Até a manhã desta sexta-feira, pelo menos seis quilombolas haviam sido vacinados, em São Paulo, Rio Grande do Sul, Rio de Janeiro e Pará, mas todos por serem profissionais de saúde ou pessoas idosas e dos grupos de risco. O estado de São Paulo pode ser, portanto, o primeiro a iniciar a vacinação voltada especificamente para a população quilombola.

Em resposta via assessoria de imprensa, o Ministério da Saúde informou que, devido à quantidade de vacinas recebidas até o momento -- seis milhões de doses -- “houve a necessidade de um replanejamento dentro das prioridades elencadas inicialmente. Portanto, dentro do público priorizado para a campanha, foi feito um recorte levando em consideração pessoas que teriam maior risco de internação e óbito, bem como o quantitativo de vacina disponibilizado inicialmente”.

O impacto da Covid-19 nos quilombos

São Paulo tem 50 comunidades quilombolas, a maior parte concentrada no Vale do Ribeira, na porção sudeste do estado, que reúne 33 comunidades e, de acordo com levantamento da Eaacone, conta com mais de quatro mil quilombolas. Levantamento independente realizado por lideranças locais mostra que, só no Vale do Ribeira, pelo menos 70 quilombolas foram contaminados com o coronavírus. Em todo o país, segundo dados da Plataforma Quilombo sem Covid-19, foram 4760 quilombolas contaminados e 179 óbitos.
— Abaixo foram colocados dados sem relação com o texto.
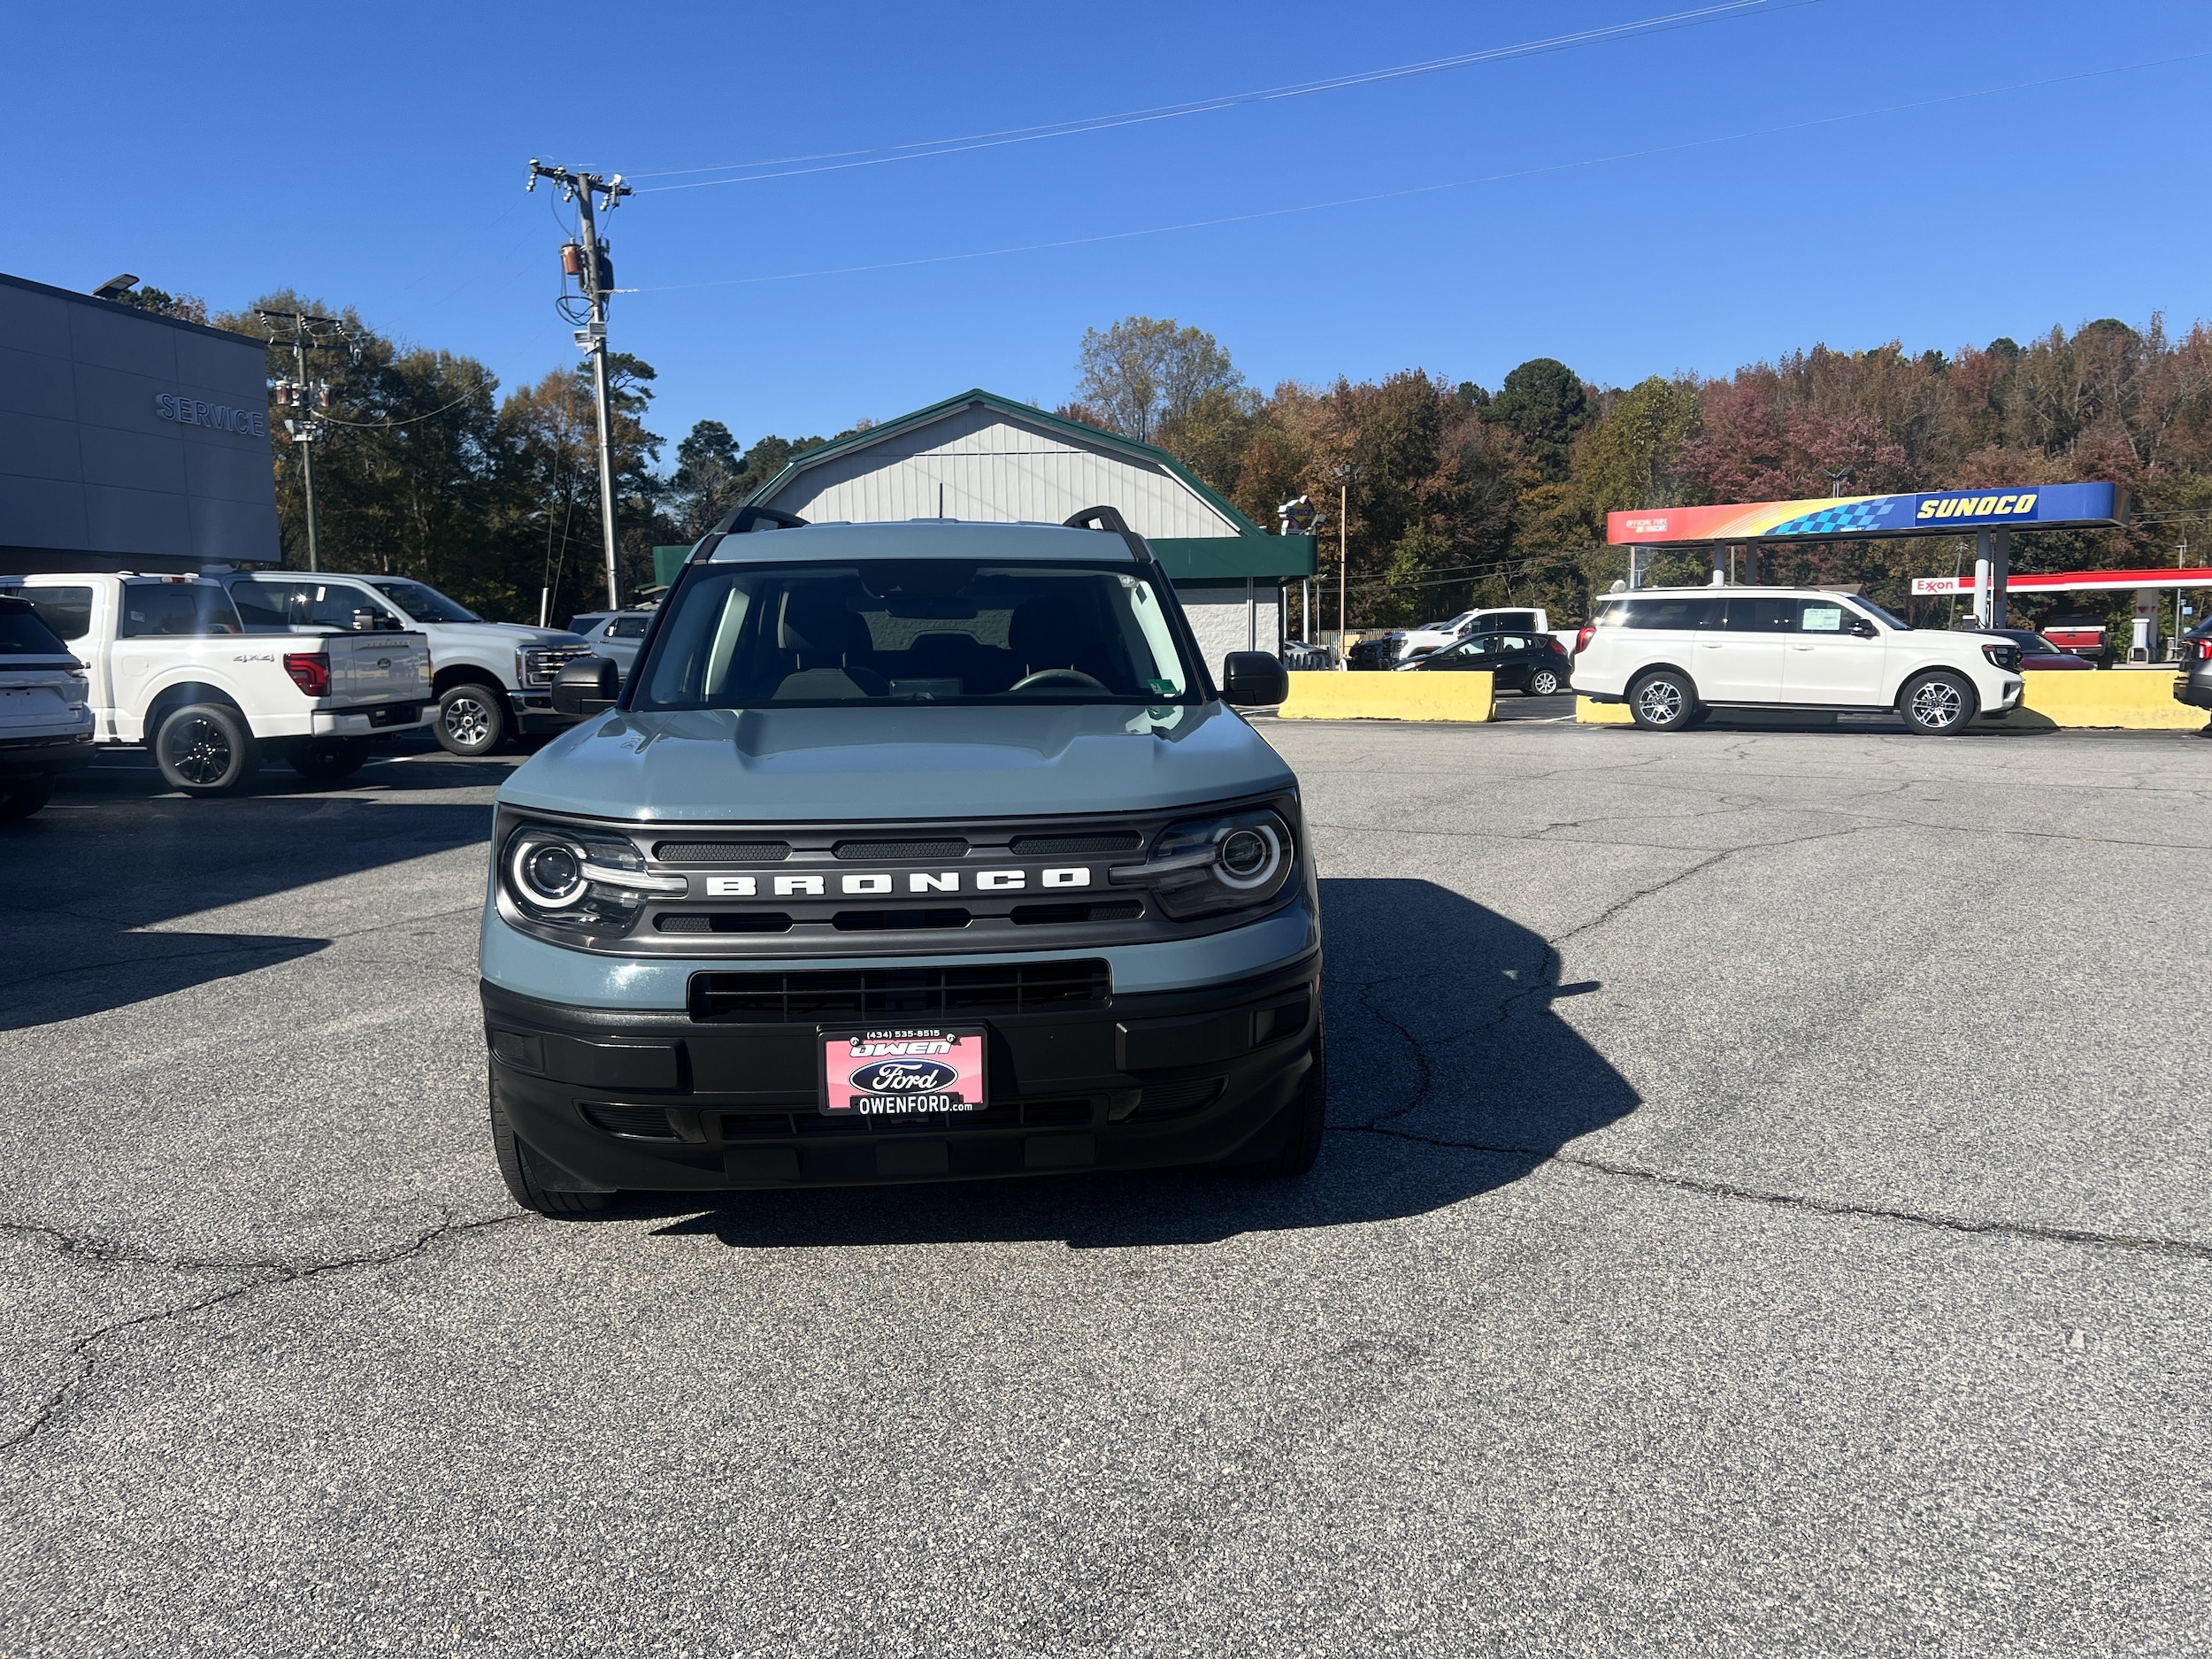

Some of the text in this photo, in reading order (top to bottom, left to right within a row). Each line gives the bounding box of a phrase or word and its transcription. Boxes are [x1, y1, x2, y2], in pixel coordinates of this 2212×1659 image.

[157, 393, 265, 437] SERVICE
[1916, 494, 2038, 519] SUNOCO
[1917, 580, 1954, 593] Exxon
[707, 867, 1091, 896] BRONCO
[866, 1029, 941, 1040] (434) 535-8515
[872, 1064, 940, 1090] Ford
[859, 1094, 973, 1115] OWENFORD.com
O Informativo Desigualdades Raciais e Covid-19, produzido pelo núcleo Afro Cebrap, traz maiores detalhes sobre o impacto da pandemia sobre os territórios quilombolas em todo o país. Os pesquisadores se basearam nos dados da Plataforma Quilombo sem Covid-19 e em outras bases de informações para analisar a distribuição territorial da pandemia nos quilombos, revelar a insuficiência das políticas públicas voltadas para as comunidades e mostrar como se dá a cobertura da mídia sobre a situação.

* O governador João Doria participou de cerimônia no último sábado no quilombo de Ivaporunduva, onde cerca de 300 pessoas receberam a 1ª dose da vacina. Notícias da imprensa local dão conta de que outras três comunidades do estado foram vacinadas até esta sexta-feira (29): Cafundó, Brotas e Jaó, totalizando cerca de 600 quilombolas vacinados no estado.
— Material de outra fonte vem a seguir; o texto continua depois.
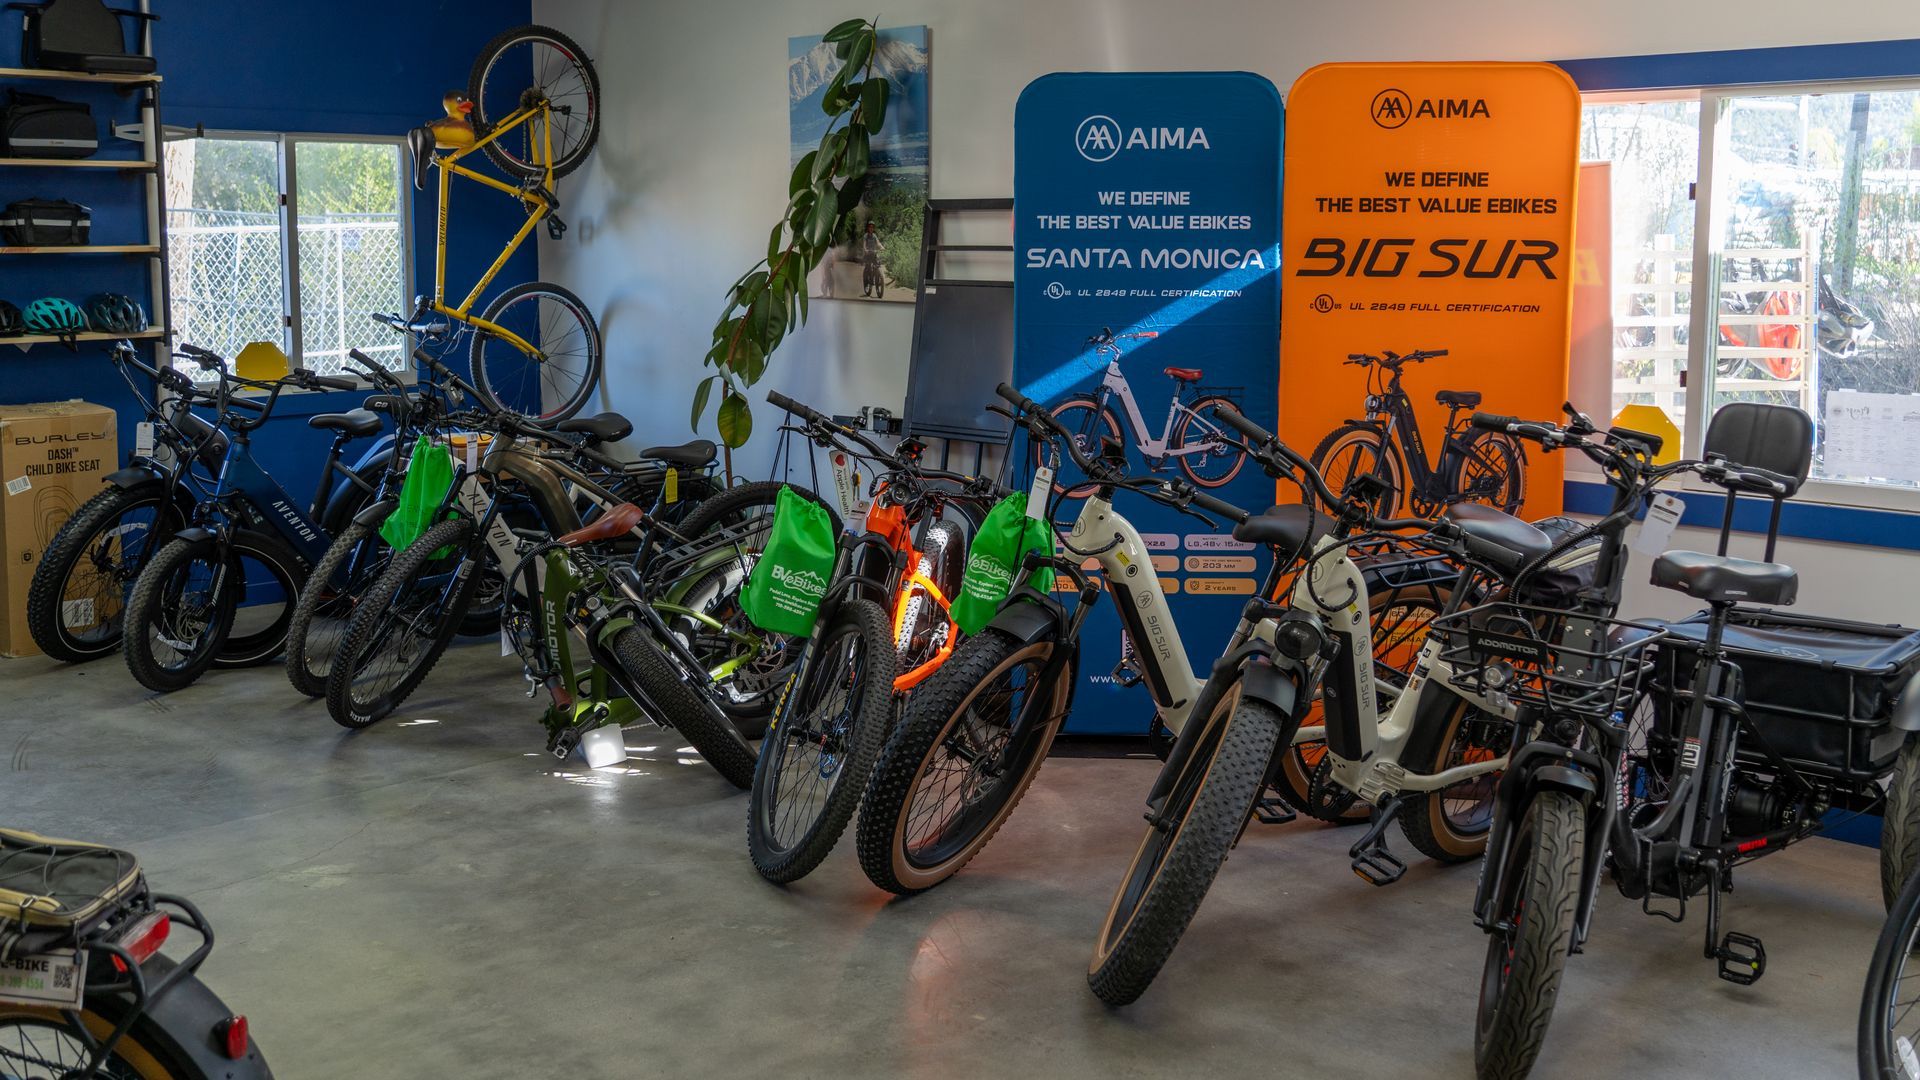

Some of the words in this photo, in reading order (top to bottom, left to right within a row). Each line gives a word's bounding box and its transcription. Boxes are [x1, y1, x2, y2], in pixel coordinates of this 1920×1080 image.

[1415, 99, 1491, 119] AIMA
[1126, 127, 1211, 150] AIMA
[1385, 171, 1415, 187] WE
[1421, 171, 1489, 188] DEFINE
[1098, 191, 1126, 206] WE
[1130, 191, 1191, 206] DEFINE
[1315, 197, 1353, 213] THE
[1358, 197, 1411, 213] BEST
[1417, 198, 1481, 214] VALUE
[1487, 198, 1557, 214] EBIKES
[1037, 215, 1071, 230] THE
[1075, 215, 1122, 230] BEST
[1127, 215, 1185, 230] VALUE
[1189, 215, 1252, 230] EBIKES
[1026, 248, 1132, 269] SANTA
[1140, 248, 1266, 270] MONICA
[1295, 237, 1416, 278] BIG
[1417, 238, 1560, 280] SUR
[1077, 289, 1091, 297] UL
[1095, 289, 1127, 297] 2849
[1129, 289, 1157, 297] FULL
[1161, 289, 1242, 298] CERTIFICATION
[1349, 303, 1365, 311] UL
[1370, 303, 1406, 312] 2849
[1409, 303, 1441, 312] FULL
[1446, 303, 1541, 313] CERTIFICATION
[15, 431, 106, 446] BURLEY
[25, 463, 54, 477] CHILD
[55, 461, 77, 474] BIKE
[78, 459, 101, 472] SEAT
[271, 500, 318, 542] AVENTON
[466, 492, 513, 548] AVETON
[1155, 636, 1171, 661] SUR
[1477, 637, 1539, 656] ADDMOTOR
[770, 672, 797, 730] KENDA
[1361, 684, 1370, 711] SUR
Uma semana após o início da vacina, no entanto, o governo do estado de São Paulo ainda não havia divulgado nenhum planejamento ou logística para a imunização das comunidades quilombolas. Com o objetivo de conhecer o número de doses disponíveis para este grupo, as datas e protocolos para vacinação das comunidades e outras informações sobre o processo, a Defensoria Pública paulista a da União, o Ministério Público Federal e do Estado, a EAACONE, a CONAQ e o ISA enviaram um ofício nesta semana, à Secretaria de Saúde do estado e dos municípios.